Originally published by 2 Minute Medicine® (view original article). Reused on AccessMedicine with permission.

1. A double-blinded, randomized controlled trial found that there were no significant differences between afebrile men treated for 7 days versus 14 days of ciprofloxacin or trimethoprim/sulfamethoxazole for urinary tract infection.

2. More than 90% of patients in both groups achieved the primary outcome of symptom resolution by day 14 of the trial; secondary outcomes evaluated included urinary tract infection recurrence and adverse events.
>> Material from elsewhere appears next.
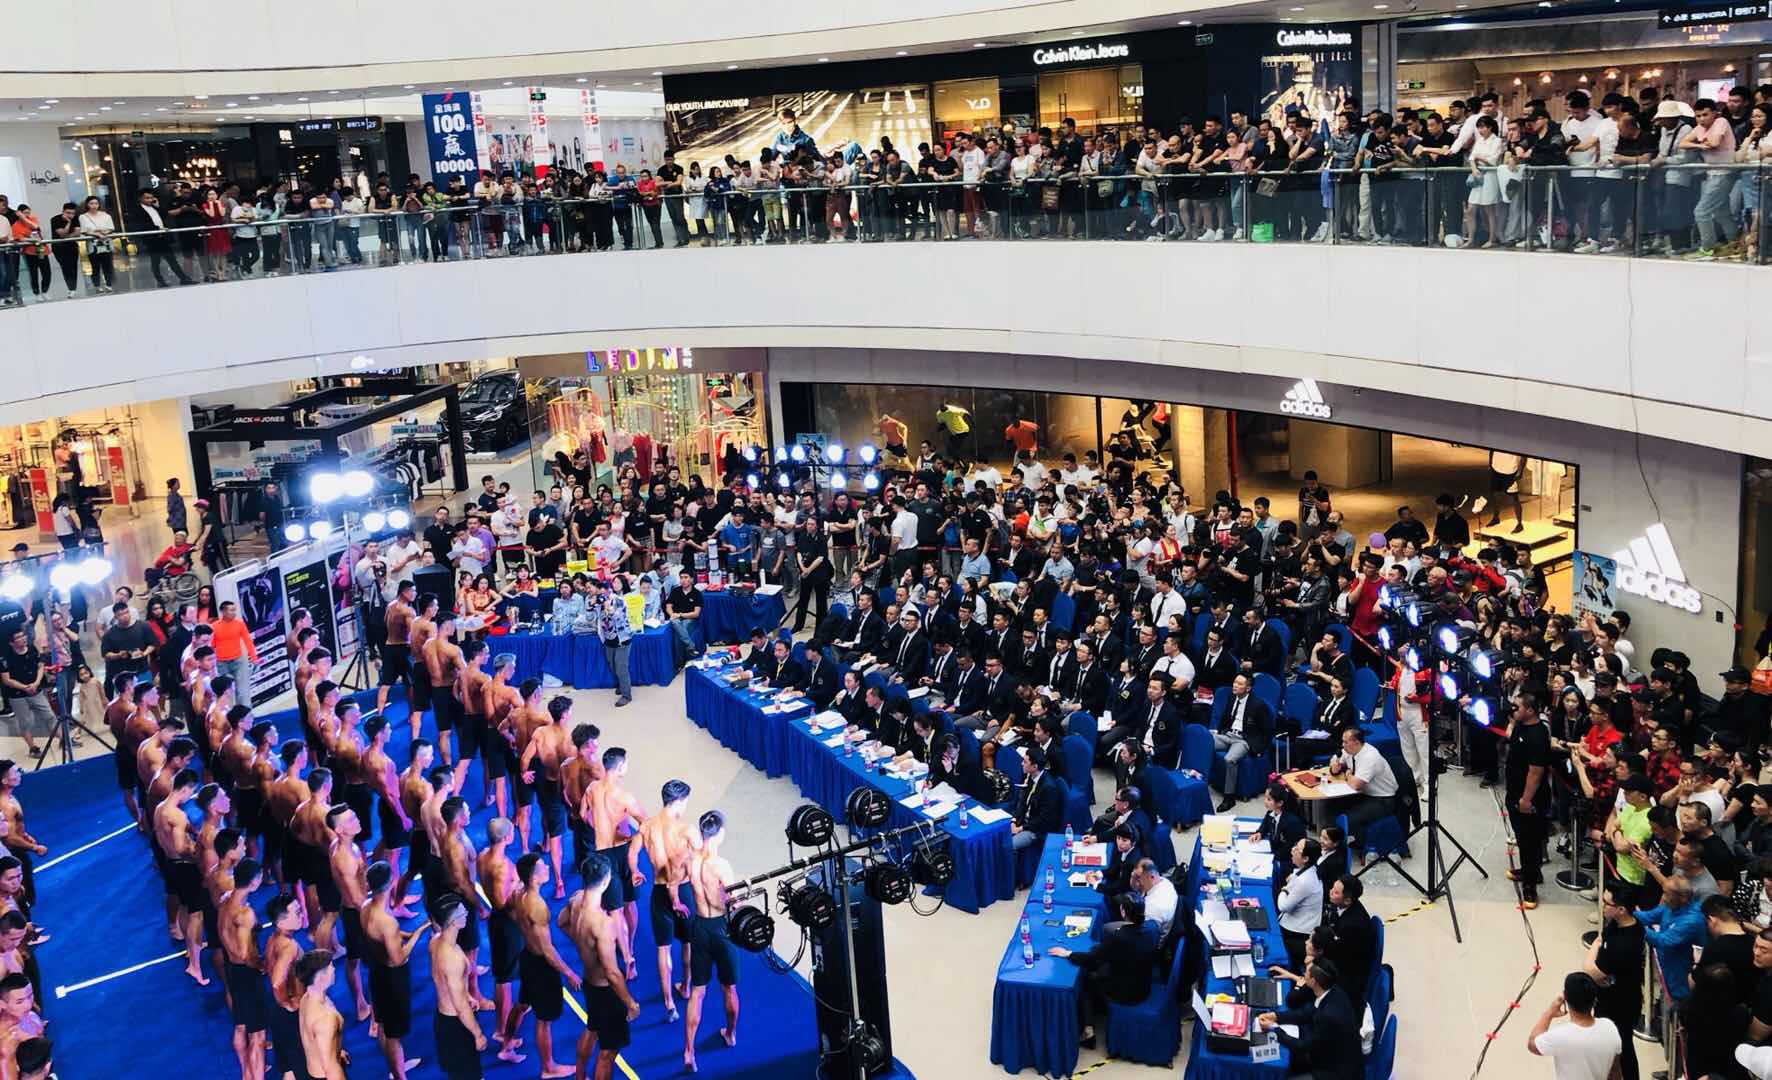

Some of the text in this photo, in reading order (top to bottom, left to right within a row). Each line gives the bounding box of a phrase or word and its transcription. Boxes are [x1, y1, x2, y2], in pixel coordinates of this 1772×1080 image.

[1033, 43, 1129, 64] Calvin Klein Jeans
[1280, 398, 1331, 418] adidas
[1616, 563, 1702, 614] didas
Evidence Rating Level: 1 (Excellent)

Study Rundown:

Urinary tract infections (UTI) are one of the most common indications for antibiotic therapy. Currently, the optimal duration of therapy for UTI management in select populations is unknown. This double-blinded randomized controlled trial (RCT) sought to evaluate the noninferiority of a 7-day antibiotic course with either ciprofloxacin or trimethoprim/sulfamethoxazole compared to a 14-day antibiotic course for afebrile men with a urinary tract infection. The trial was conducted at two Veterans Affairs medical centres in the United States. Patients presenting with urinary complaints were recruited at outpatient clinic visits. 272 adult, male patients being treated on an outpatient basis for an afebrile urinary tract infection were enrolled and randomized. Both groups received antibiotic therapy for days 1-7. The control group received antibiotics on days 8-14 as well, while the intervention group received one week of placebo pills. The treatment ended on day 14, at which time all participants were evaluated for symptomatology, any co-interventions, adherence and adverse events. After 14 days of the trial, 93.1% of patients in the 7-day treatment group and 90.2% in the 14-day treatment group had demonstrated symptom resolution. The rates of recurrence were 9.9% in the 7-day group and 12.9% in the 14-day group. Finally, 20.6% of the 7-day patients and 24.3% of the 14-day patients experienced adverse events from this trial. Drekonja et al’s trial provides convincing evidence for recommending a shorter duration of antibiotic therapy for male patients with an afebrile UTI. Given the high prevalence of UTIs, the results of this trial could imply significant cost savings for the healthcare payer and reduce the risk of antibiotic resistance through minimized exposure. A primary limitation of this study is the recruitment method, which did not confirm through microbiology that all enrolled patients truly had a UTI at baseline. This is an example of non-differential misclassification bias. Secondly, the reported findings are limited in their application to patients prescribed either ciprofloxacin or trimethoprim/sulfamethoxazole. Although these are commonly-used agents, these results might not be generalizable to the variety of other agents used to treat UTIs. Finally, the small sample size of the trial compared to the projected enrollment (290 patients) limits the conclusions we can draw for its results.

In-Depth (randomized controlled trial): Randomization was performed using a random-number generator stratified for confounding factors (presence of a urinary catheter, study cite, prescribed antibiotic). Blocked randomization using a 1:1 ratio between treatment groups was used. The median age of patients was 69 years; demographic factors and comorbidities were equally balanced between groups. Of 272 patients randomized, 254 were included in the as-treated analysis, meaning these patients took at least 26 of the 28 doses of medication or placebo that was prescribed. A noninferiority margin of 10% was selected based on expert opinion. Consequently, target enrollment was 290 participants using a single-sided alpha value of 0.025 to detect a difference with 85% power. The most commonly-isolated infectious organism in both groups was Escherichia coli (43% in the 14-day group, 39% in the 7-day group). A 1-sided 97.5% confidence interval was used to establish noninferiority for the primary and secondary outcomes. The absolute difference between groups for symptom resolution was 2.9 percentage points with a 1-sided 97.5% confidence interval of -5.2 to infinity. Several post hoc analyses were conducted to understand the differential effect that the antibiotic drug of choice, pre-treatment bacteriuria count, and study site may have had on the outcome. Using a linear regression model it was reported that none of the three variables had a significant impact on the results. The p-values for interaction were reported as follows: 0.37 for antibiotic choice, 0.53 for pre-treatment bacteriuria and 0.88 for study site.